EXCLUSIVE: TRACY MORGAN’S VERY-VERY ANGRY RESPONSE TO WALMART

Left emotionally and physically hurt from the multi-vehicle accident on the New Jersey Turnpike three months ago, Tracy Morgan’s pain just reached its peak when it got to an even more private area of his body, an area surprisingly still unknown to the greater public, his ass. Because this week Walmart’s lawyers accused him and his entourage of reckless self-endangerment and to be sole responsible for the injuries sustained and the one death (of comedian Ardie Fuqua) that ensued the collision, arguing that Tracy and Co. should have had their seatbelts on.

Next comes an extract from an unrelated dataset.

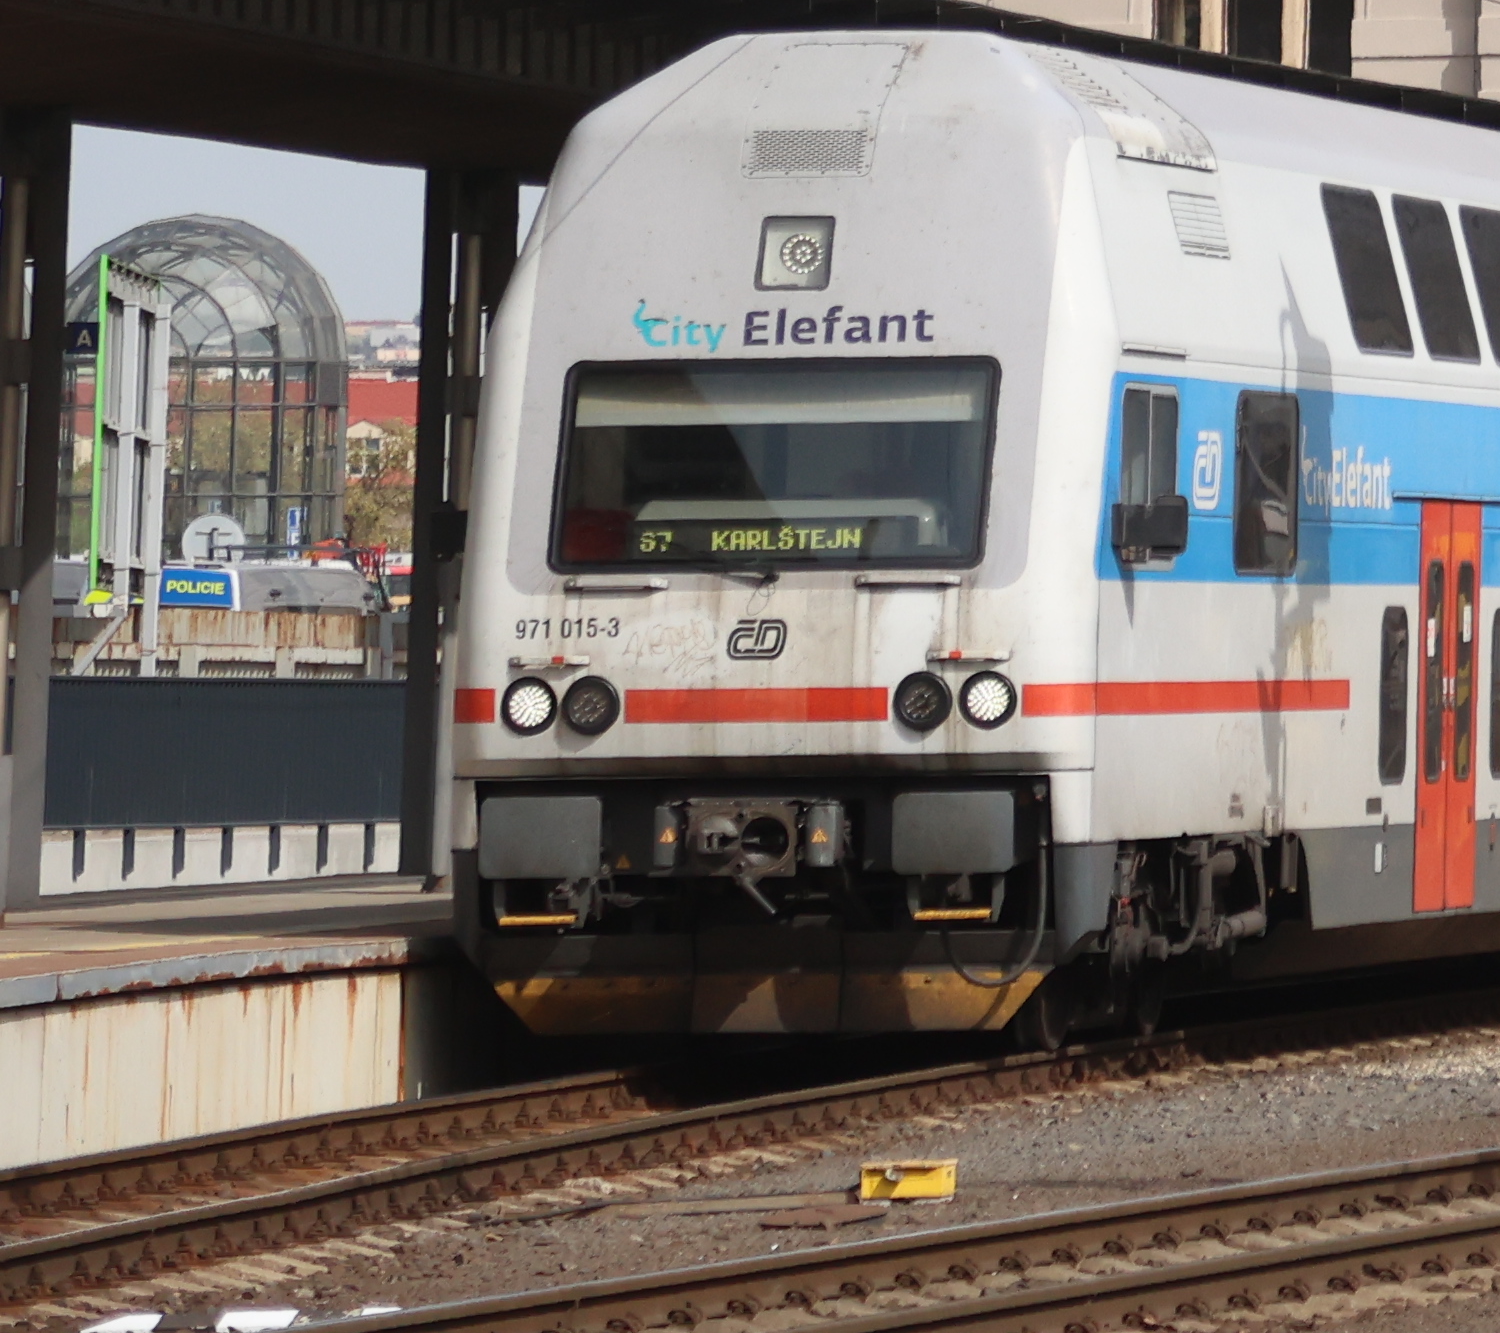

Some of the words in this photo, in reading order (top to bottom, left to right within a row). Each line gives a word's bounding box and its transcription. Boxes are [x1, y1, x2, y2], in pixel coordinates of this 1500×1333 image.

Tracy statement obtained exclusively by TRN News reads in part:

“I did nothing wrong, man! I did nothing wrong. See, Walmart’s strategy here is pretty much like this. Say that Walmart lawyer — you know, the one that was like two feet tall in court the other day — say he gets hit by a car in his own driveway by his wife. So his wife lawyers up too. And her lawyer says:

‘‘It’s your fault, you, Guinness-world-record-certified shortest Walmart lawyer ever, even in the future. For three seconds, you saw your wife’s vehicle approaching; you should have run faster not to get hit. Biology shows that a man even as short as you and Kevin Hart, ten years older than both of you, in as good health as you must be able to easily sprint at 2 miles an hour, even on a 24-hour empty stomach. But you, Walmart shortest, had just eaten two lunches, four breakfasts, and gallons of Walmart lawyer-ing strategy bullshit in the last 12 hours. However, CCTV footage of the creepy, paranoid neighbor right across the street from your house show your chunky shortness running away from your wife’s car at a speed estimated at 0.5 miles an hour. We’re sorry, it’s your fault! You have perfectly functioning little man’s legs, good health, so …tough luck, you could have run faster, pal. Case dismissed!